## [WORK TO BE COMPLETED]
Your answer must be the full listing, reproduced exactly.

========

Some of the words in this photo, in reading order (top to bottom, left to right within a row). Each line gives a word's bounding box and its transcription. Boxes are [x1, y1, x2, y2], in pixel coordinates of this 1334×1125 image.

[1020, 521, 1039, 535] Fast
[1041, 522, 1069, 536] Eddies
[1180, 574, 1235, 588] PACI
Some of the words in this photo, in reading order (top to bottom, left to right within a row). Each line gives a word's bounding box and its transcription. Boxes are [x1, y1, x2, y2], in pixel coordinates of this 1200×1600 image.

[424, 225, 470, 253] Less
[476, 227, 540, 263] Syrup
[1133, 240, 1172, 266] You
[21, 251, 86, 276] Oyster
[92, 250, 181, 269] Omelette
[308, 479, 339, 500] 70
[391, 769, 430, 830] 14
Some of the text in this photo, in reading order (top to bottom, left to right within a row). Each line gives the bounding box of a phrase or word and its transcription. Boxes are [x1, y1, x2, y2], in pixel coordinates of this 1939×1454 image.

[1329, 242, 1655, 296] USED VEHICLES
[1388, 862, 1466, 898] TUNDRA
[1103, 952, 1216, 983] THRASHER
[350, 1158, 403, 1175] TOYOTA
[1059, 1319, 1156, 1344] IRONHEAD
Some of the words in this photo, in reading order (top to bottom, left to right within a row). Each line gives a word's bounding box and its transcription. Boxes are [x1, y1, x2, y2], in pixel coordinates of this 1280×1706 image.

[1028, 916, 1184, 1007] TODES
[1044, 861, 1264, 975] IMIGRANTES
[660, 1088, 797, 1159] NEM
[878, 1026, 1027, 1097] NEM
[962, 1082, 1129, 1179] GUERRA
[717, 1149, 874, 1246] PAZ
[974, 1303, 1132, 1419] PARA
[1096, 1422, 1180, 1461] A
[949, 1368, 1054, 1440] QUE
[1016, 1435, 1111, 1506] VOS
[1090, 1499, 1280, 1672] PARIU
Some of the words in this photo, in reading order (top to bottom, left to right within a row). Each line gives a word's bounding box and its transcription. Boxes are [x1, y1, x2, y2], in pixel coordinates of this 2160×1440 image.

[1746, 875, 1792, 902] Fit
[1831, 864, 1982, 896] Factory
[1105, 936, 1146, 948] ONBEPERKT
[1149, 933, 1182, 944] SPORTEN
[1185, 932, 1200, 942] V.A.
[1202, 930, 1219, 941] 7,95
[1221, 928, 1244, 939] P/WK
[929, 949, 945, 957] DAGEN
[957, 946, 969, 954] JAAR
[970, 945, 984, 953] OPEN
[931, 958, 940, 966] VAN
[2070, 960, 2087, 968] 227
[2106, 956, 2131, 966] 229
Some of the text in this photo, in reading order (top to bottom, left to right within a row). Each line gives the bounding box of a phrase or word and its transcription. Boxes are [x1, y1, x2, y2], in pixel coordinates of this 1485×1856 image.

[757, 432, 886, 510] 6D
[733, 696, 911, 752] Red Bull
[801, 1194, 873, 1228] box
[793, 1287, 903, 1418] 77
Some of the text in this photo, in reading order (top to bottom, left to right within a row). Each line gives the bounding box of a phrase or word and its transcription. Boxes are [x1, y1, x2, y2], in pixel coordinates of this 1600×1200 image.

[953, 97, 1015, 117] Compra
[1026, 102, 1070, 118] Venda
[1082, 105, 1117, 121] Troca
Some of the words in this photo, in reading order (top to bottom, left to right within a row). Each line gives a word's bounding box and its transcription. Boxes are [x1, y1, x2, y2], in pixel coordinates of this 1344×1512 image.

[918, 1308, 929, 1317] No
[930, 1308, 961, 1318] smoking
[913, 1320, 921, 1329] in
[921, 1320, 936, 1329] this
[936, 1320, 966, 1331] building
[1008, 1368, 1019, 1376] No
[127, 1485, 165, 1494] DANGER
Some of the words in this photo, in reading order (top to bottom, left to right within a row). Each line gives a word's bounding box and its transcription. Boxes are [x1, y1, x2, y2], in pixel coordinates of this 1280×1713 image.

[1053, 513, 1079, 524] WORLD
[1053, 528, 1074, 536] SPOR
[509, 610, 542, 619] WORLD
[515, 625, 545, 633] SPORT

========

## [WORKED SOLUTION]
Some of the words in this photo, in reading order (top to bottom, left to right within a row). Each line gives a word's bounding box and its transcription. Boxes are [x1, y1, x2, y2], in pixel coordinates of this 1334×1125 image.

[1020, 521, 1039, 535] Fast
[1041, 522, 1069, 536] Eddies
[1180, 574, 1235, 588] PACI
Some of the words in this photo, in reading order (top to bottom, left to right within a row). Each line gives a word's bounding box and its transcription. Boxes are [x1, y1, x2, y2], in pixel coordinates of this 1200×1600 image.

[424, 225, 470, 253] Less
[476, 227, 540, 263] Syrup
[1133, 240, 1172, 266] You
[21, 251, 86, 276] Oyster
[92, 250, 181, 269] Omelette
[308, 479, 339, 500] 70
[391, 769, 430, 830] 14
Some of the text in this photo, in reading order (top to bottom, left to right within a row). Each line gives the bounding box of a phrase or word and its transcription. Boxes are [x1, y1, x2, y2], in pixel coordinates of this 1939×1454 image.

[1329, 242, 1655, 296] USED VEHICLES
[1388, 862, 1466, 898] TUNDRA
[1103, 952, 1216, 983] THRASHER
[350, 1158, 403, 1175] TOYOTA
[1059, 1319, 1156, 1344] IRONHEAD
Some of the words in this photo, in reading order (top to bottom, left to right within a row). Each line gives a word's bounding box and its transcription. Boxes are [x1, y1, x2, y2], in pixel coordinates of this 1280×1706 image.

[1028, 916, 1184, 1007] TODES
[1044, 861, 1264, 975] IMIGRANTES
[660, 1088, 797, 1159] NEM
[878, 1026, 1027, 1097] NEM
[962, 1082, 1129, 1179] GUERRA
[717, 1149, 874, 1246] PAZ
[974, 1303, 1132, 1419] PARA
[1096, 1422, 1180, 1461] A
[949, 1368, 1054, 1440] QUE
[1016, 1435, 1111, 1506] VOS
[1090, 1499, 1280, 1672] PARIU
Some of the words in this photo, in reading order (top to bottom, left to right within a row). Each line gives a word's bounding box and its transcription. Boxes are [x1, y1, x2, y2], in pixel coordinates of this 2160×1440 image.

[1746, 875, 1792, 902] Fit
[1831, 864, 1982, 896] Factory
[1105, 936, 1146, 948] ONBEPERKT
[1149, 933, 1182, 944] SPORTEN
[1185, 932, 1200, 942] V.A.
[1202, 930, 1219, 941] 7,95
[1221, 928, 1244, 939] P/WK
[929, 949, 945, 957] DAGEN
[957, 946, 969, 954] JAAR
[970, 945, 984, 953] OPEN
[931, 958, 940, 966] VAN
[2070, 960, 2087, 968] 227
[2106, 956, 2131, 966] 229
Some of the text in this photo, in reading order (top to bottom, left to right within a row). Each line gives the bounding box of a phrase or word and its transcription. Boxes are [x1, y1, x2, y2], in pixel coordinates of this 1485×1856 image.

[757, 432, 886, 510] 6D
[733, 696, 911, 752] Red Bull
[801, 1194, 873, 1228] box
[793, 1287, 903, 1418] 77
Some of the text in this photo, in reading order (top to bottom, left to right within a row). Each line gives the bounding box of a phrase or word and its transcription. Boxes are [x1, y1, x2, y2], in pixel coordinates of this 1600×1200 image.

[953, 97, 1015, 117] Compra
[1026, 102, 1070, 118] Venda
[1082, 105, 1117, 121] Troca
Some of the words in this photo, in reading order (top to bottom, left to right within a row). Each line gives a word's bounding box and its transcription. Boxes are [x1, y1, x2, y2], in pixel coordinates of this 1344×1512 image.

[918, 1308, 929, 1317] No
[930, 1308, 961, 1318] smoking
[913, 1320, 921, 1329] in
[921, 1320, 936, 1329] this
[936, 1320, 966, 1331] building
[1008, 1368, 1019, 1376] No
[127, 1485, 165, 1494] DANGER
Some of the words in this photo, in reading order (top to bottom, left to right within a row). Each line gives a word's bounding box and its transcription. Boxes are [x1, y1, x2, y2], in pixel coordinates of this 1280×1713 image.

[1053, 513, 1079, 524] WORLD
[1053, 528, 1074, 536] SPOR
[509, 610, 542, 619] WORLD
[515, 625, 545, 633] SPORT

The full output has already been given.